Judge rejects imprisonment of Moreno, orders him to appear monthly at Ecuador embassy in Paraguay

Jun 6, 2023 | 6 comments

National Court Judge Mauricio Espinoza has denied the request of prosecutors to order preventive detention of former president Lenin Moreno and his wife Rocío González in the Sinohydro corruption case. He also ruled that ordering Moreno to report monthly to a Quito court is unreasonable.

Ex-President Lenin Moreno

Instead, Espinoza ordered Moreno and González to appear during the first 10 days of each month at the Ecuadorian consulate in Asunción, Paraguay, where the couple currently live. Espinoza agreed with Moreno’s defense attorney that the former president’s health made it difficult to travel from Paraguay to Ecuador on a monthly basis. The judge said, however, that Moreno and González must appear every four months to court officials in Quito.

Moreno is partially paralyzed and confined to a wheelchair, the result of a gunshot suffered in an attempted robbery 40 years ago.

Espinoza also rejected the prosecution request that Moreno’s daughter, Irina Moreno, be imprisoned until the legal case is resolved.

Moreno and 36 others have been accused of bribery in connection with the construction of the Coca Codo Sinclair hydroelectric project. According to the Attorney General’s office, the case stems from an investigation of offshore companies allegedly used to conceal illicit payments from a Chinese contractor between 2009 and 2018, when Moreno served as vice president to Rafael Correa.

In addition to Moreno, González and his daughter, two brothers and two sisters-in-laws will be charged, prosecutors claim.

Attorney General Diana Salazar said her investigation “reveals a corruption structure around the Coca Codo Sinclair hydro dam of interstate and transnational scope” that continued throughout the construction of the project.

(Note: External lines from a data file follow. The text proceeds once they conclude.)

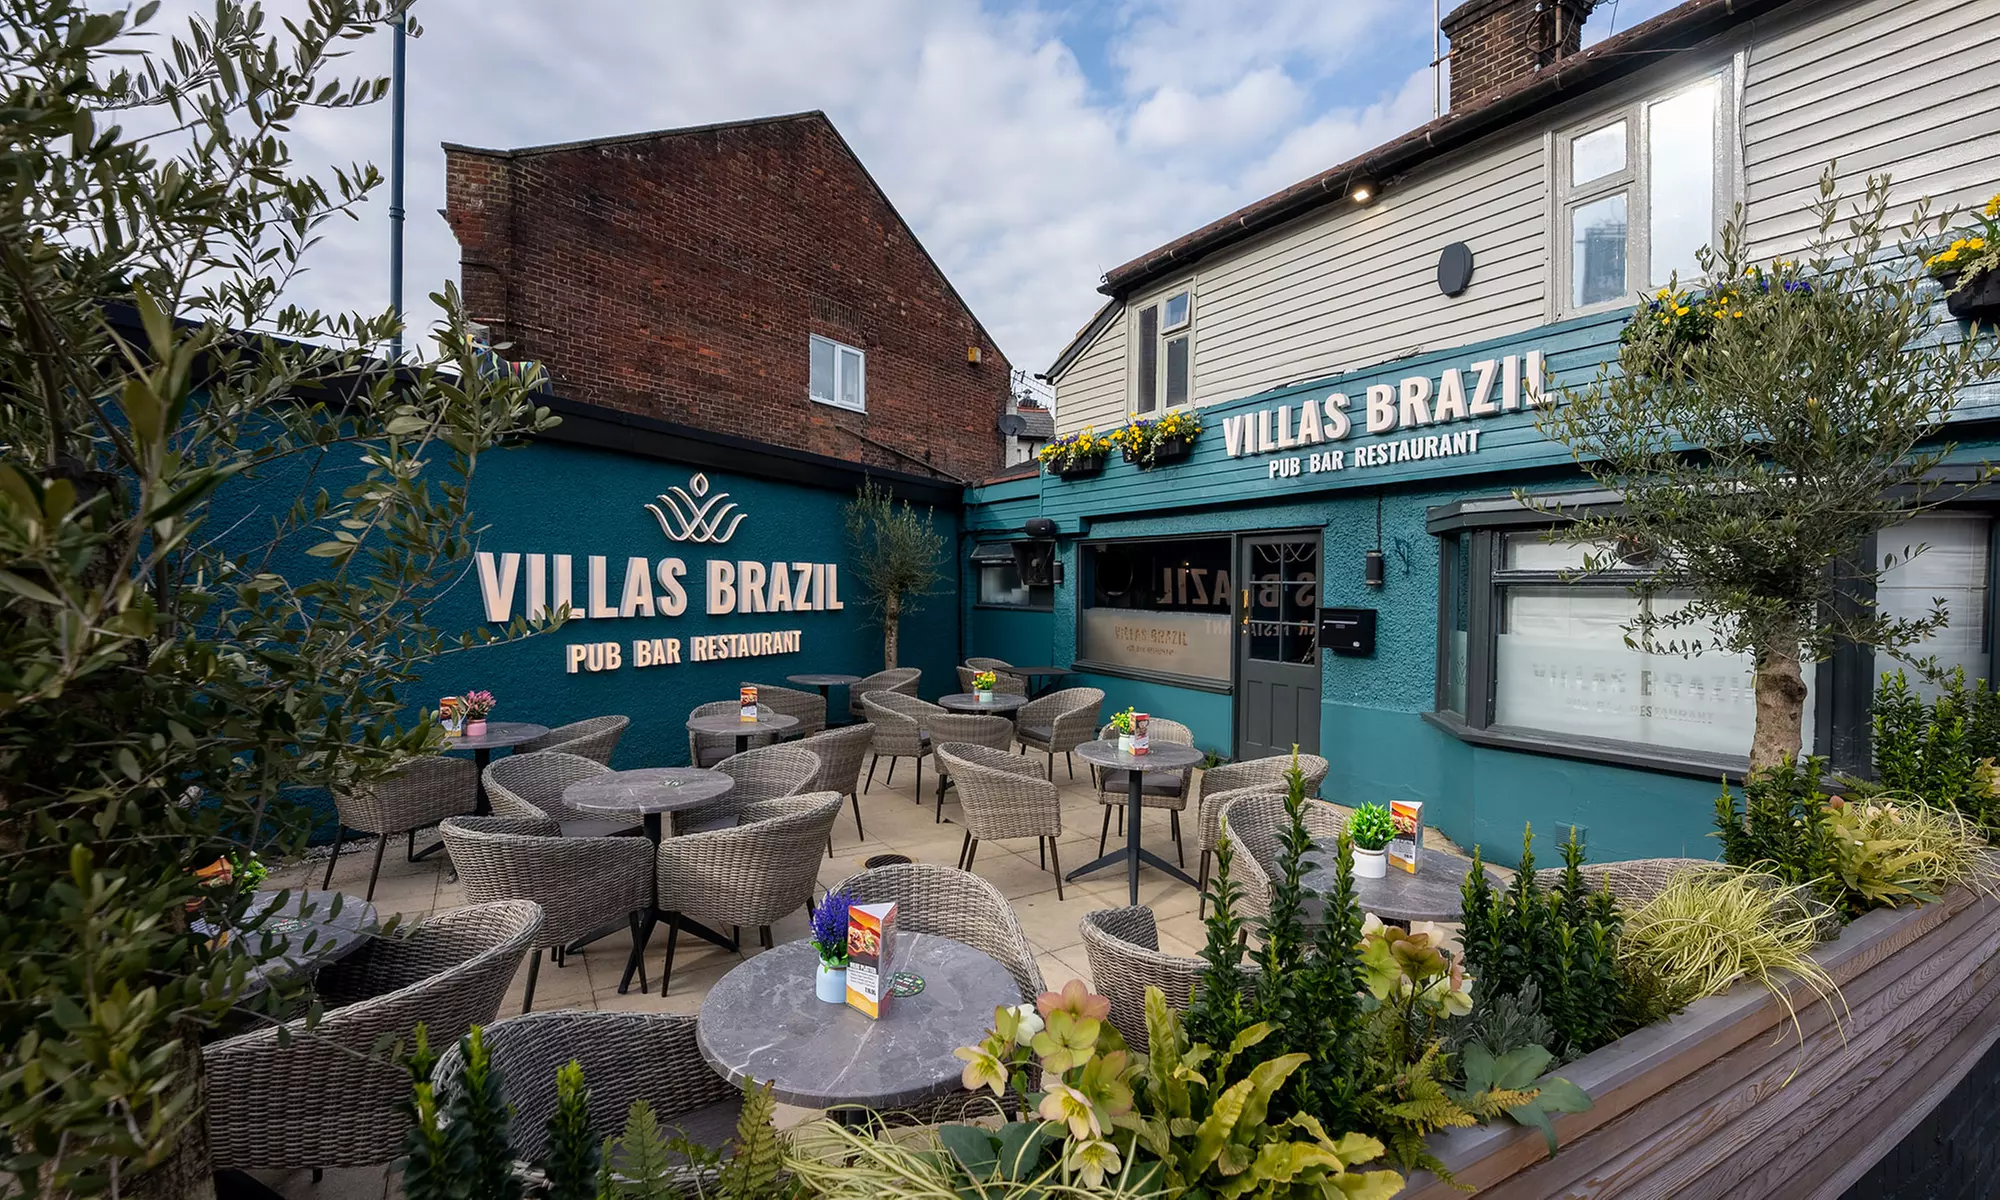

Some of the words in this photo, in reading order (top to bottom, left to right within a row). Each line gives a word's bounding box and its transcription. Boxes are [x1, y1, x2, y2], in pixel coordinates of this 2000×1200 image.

[1223, 392, 1350, 457] VILLAS
[1366, 350, 1557, 433] BRAZIL
[1269, 456, 1301, 479] PUB
[1309, 451, 1344, 472] BAR
[1354, 429, 1481, 468] RESTAURANT
[475, 551, 687, 622] VILLAS
[706, 559, 844, 616] BRAZIL
[566, 642, 621, 674] PUB
[633, 637, 680, 668] BAR
[690, 629, 802, 662] RESTAURANT
[1150, 628, 1188, 646] BRAZIL
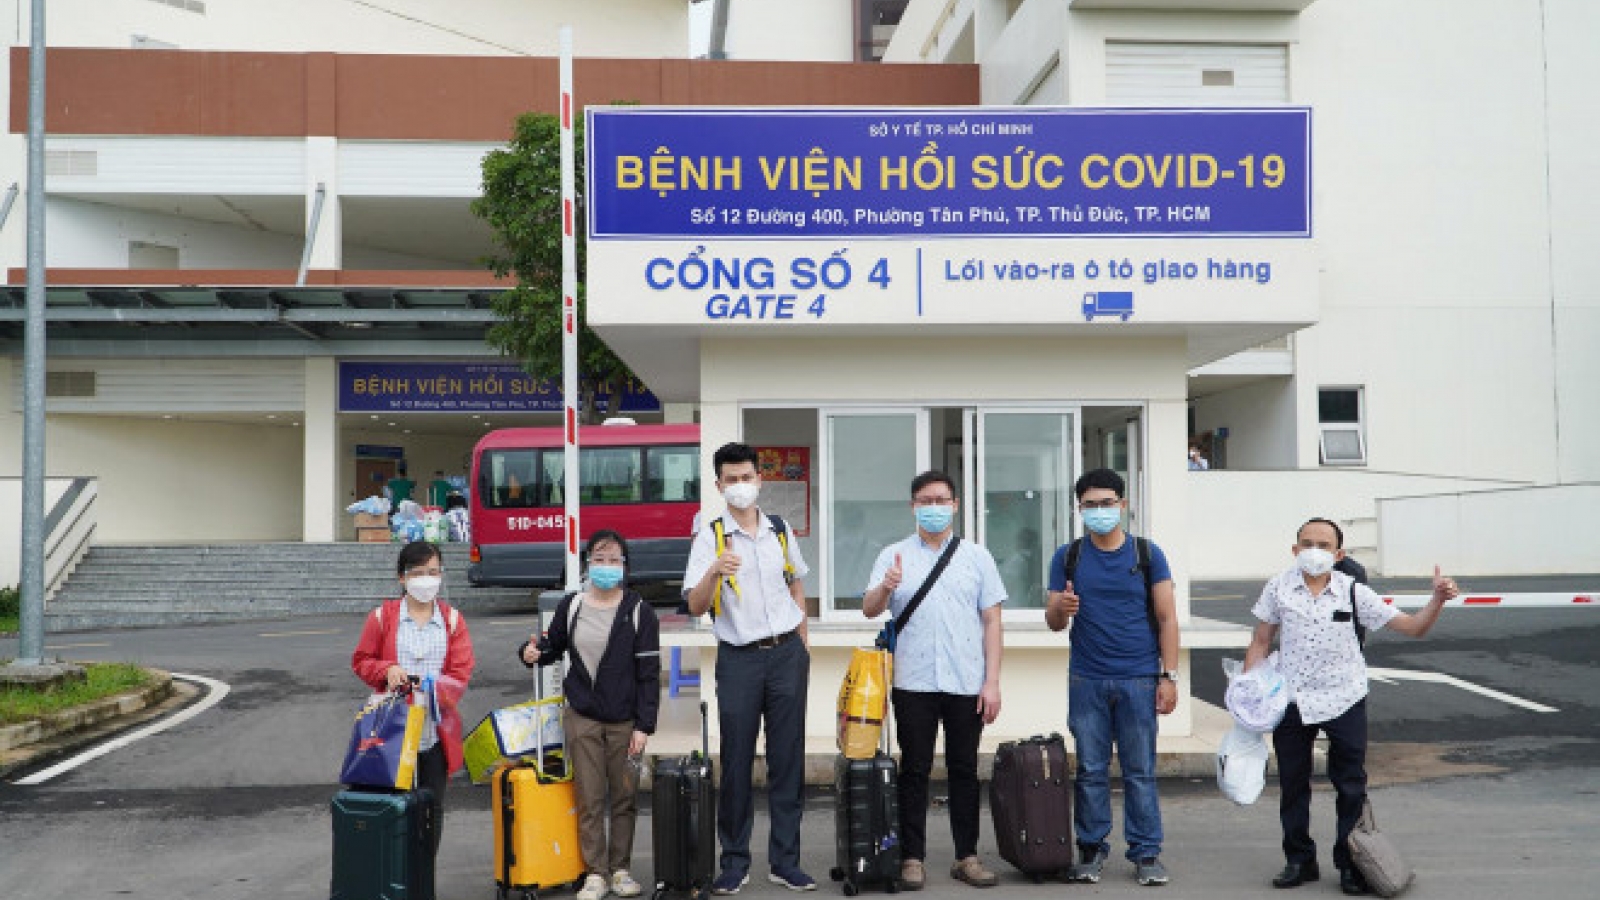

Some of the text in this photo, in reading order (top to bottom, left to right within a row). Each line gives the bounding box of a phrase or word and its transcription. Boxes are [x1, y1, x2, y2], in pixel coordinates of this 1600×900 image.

[891, 123, 900, 137] Y
[904, 120, 922, 137] TẾ
[971, 121, 995, 135] CHÍ
[998, 123, 1034, 135] MINH
[616, 141, 1286, 198] BỆNH VIỆN HỒI SỨC COVID-19
[690, 206, 716, 225] Số
[720, 208, 741, 225] 12
[746, 206, 806, 227] Đường
[811, 208, 849, 227] 400,
[854, 206, 925, 228] Phường
[928, 206, 964, 223] Tân
[1015, 206, 1043, 223] TP.
[1048, 204, 1084, 223] Thủ
[1087, 205, 1129, 225] Đức,
[1134, 206, 1162, 222] TP.
[1166, 206, 1212, 222] HCM
[644, 245, 892, 291] CỔNG SỐ 4
[944, 257, 984, 281] Lối
[993, 259, 1076, 281] vào-ra
[1108, 257, 1134, 280] tô
[1142, 258, 1199, 284] giao
[1206, 257, 1272, 284] hàng
[705, 293, 827, 320] GATE 4
[353, 373, 411, 397] BỆNH
[416, 373, 462, 397] VIỆN
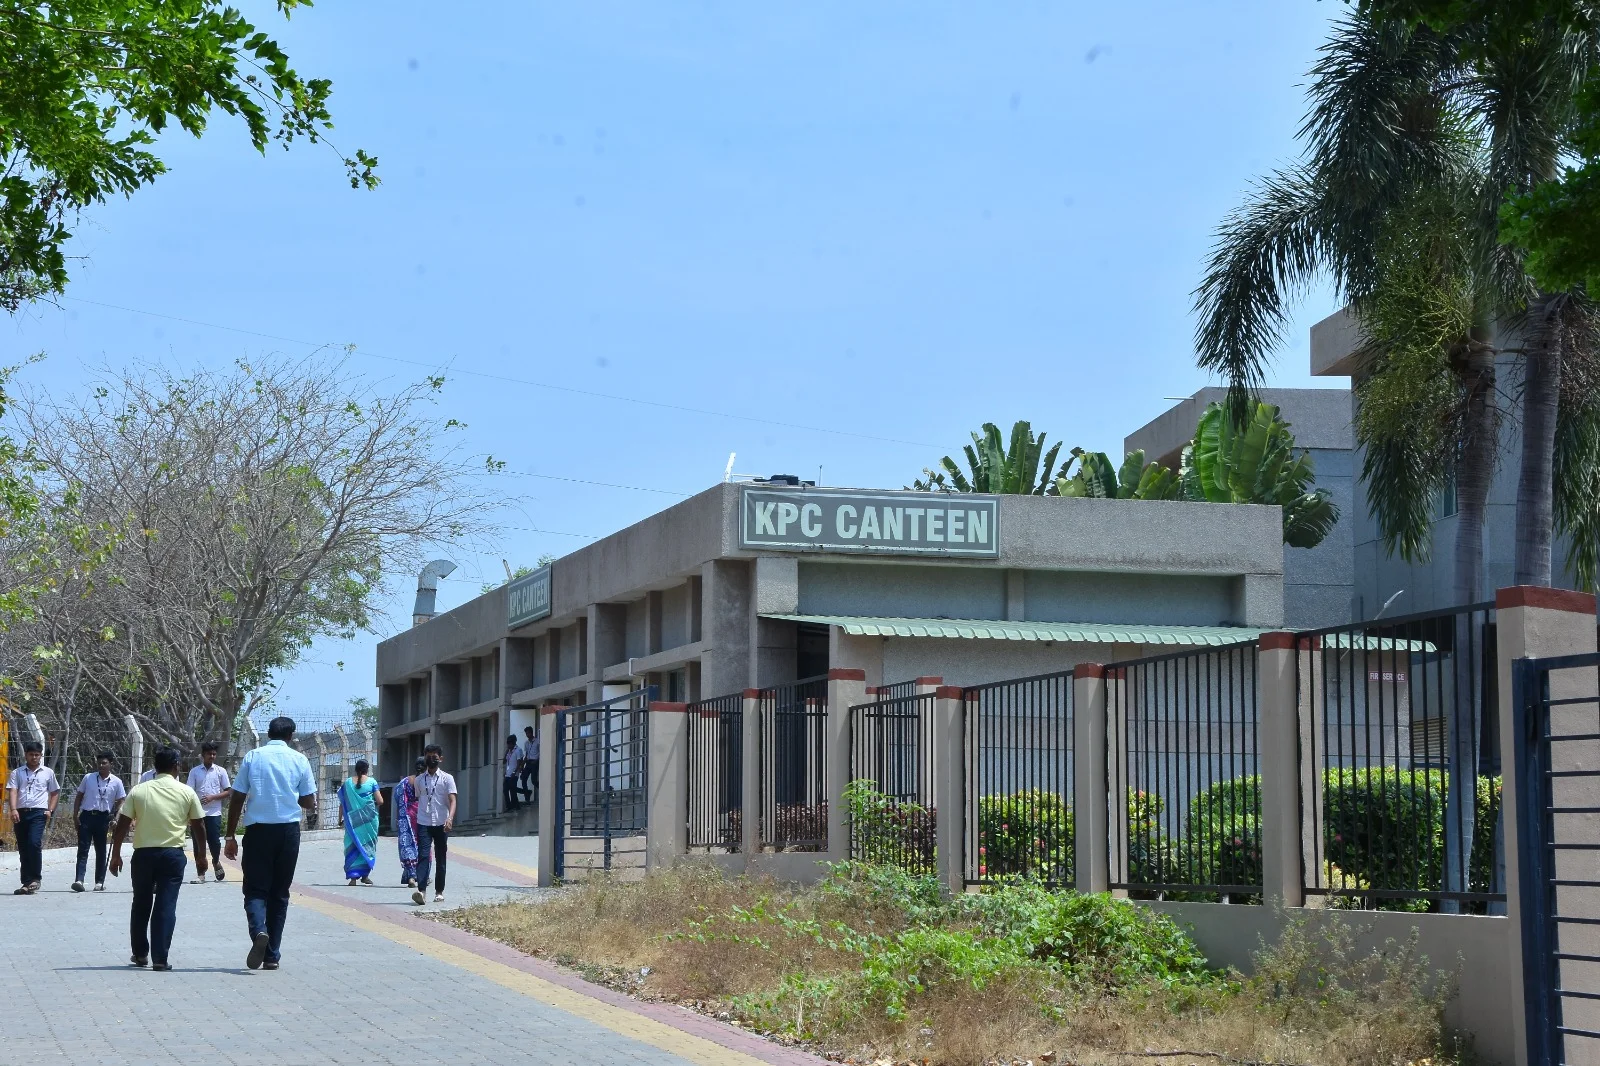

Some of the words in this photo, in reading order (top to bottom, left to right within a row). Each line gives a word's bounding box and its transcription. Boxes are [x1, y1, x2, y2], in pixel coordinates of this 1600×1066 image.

[755, 501, 822, 538] KPC
[836, 504, 988, 544] CANTEEN
[510, 590, 521, 618] KPC
[522, 577, 548, 613] CANTEEN
[1382, 673, 1405, 681] SERCE
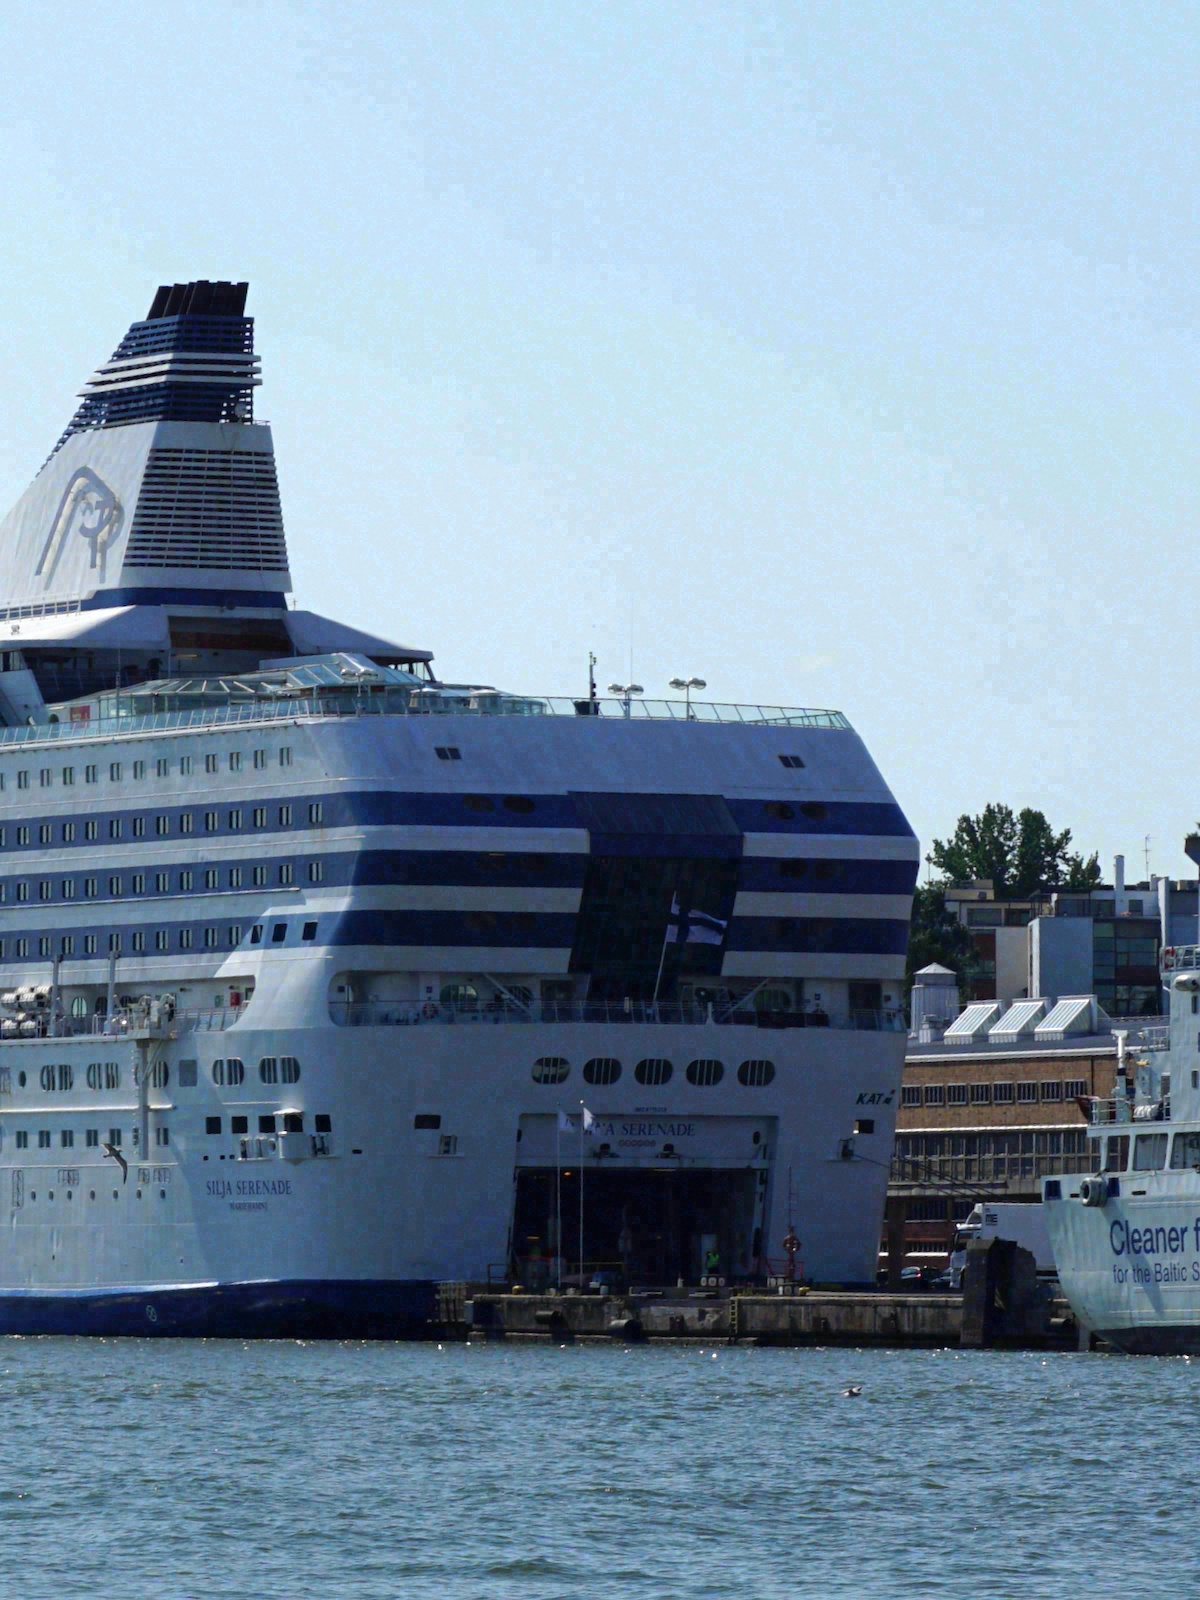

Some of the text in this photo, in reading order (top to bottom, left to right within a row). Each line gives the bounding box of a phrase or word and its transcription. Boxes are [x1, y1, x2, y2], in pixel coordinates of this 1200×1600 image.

[621, 1122, 696, 1137] SERENADE
[206, 1180, 292, 1199] SILJA SERENADE
[1110, 1219, 1188, 1256] Cleaner
[1113, 1264, 1128, 1284] for
[1132, 1263, 1151, 1283] the
[1154, 1261, 1187, 1283] Baltic

She said details of the case would be revealed at a National Court of Justice hearing March 2.

With a total cost of $2.25 billion, the Coca Codo Sinclair project on the Coca River in Napo Province represented one of the largest public expenditures in Ecuador history.

The bribery charges against Moreno first surfaced in early 2019 when the so-called INA papers, based on the name of a company registered in Belize and Panama, allegedly showed a link between the Moreno family and the Chinese Coca Codo Sinclair contractor, Sinohydro. According to information published on the La Fuente website, the contractor deposited $18 million in a Panamanian bank account that was then dispersed to INA and other offshore accounts.

INA was registered in the name of one of Moreno’s brothers, Edwin Moreno.

In total, Salazar estimates $76 million in bribes were paid by Sinohydro during the construction of Coca Codo Sinclair.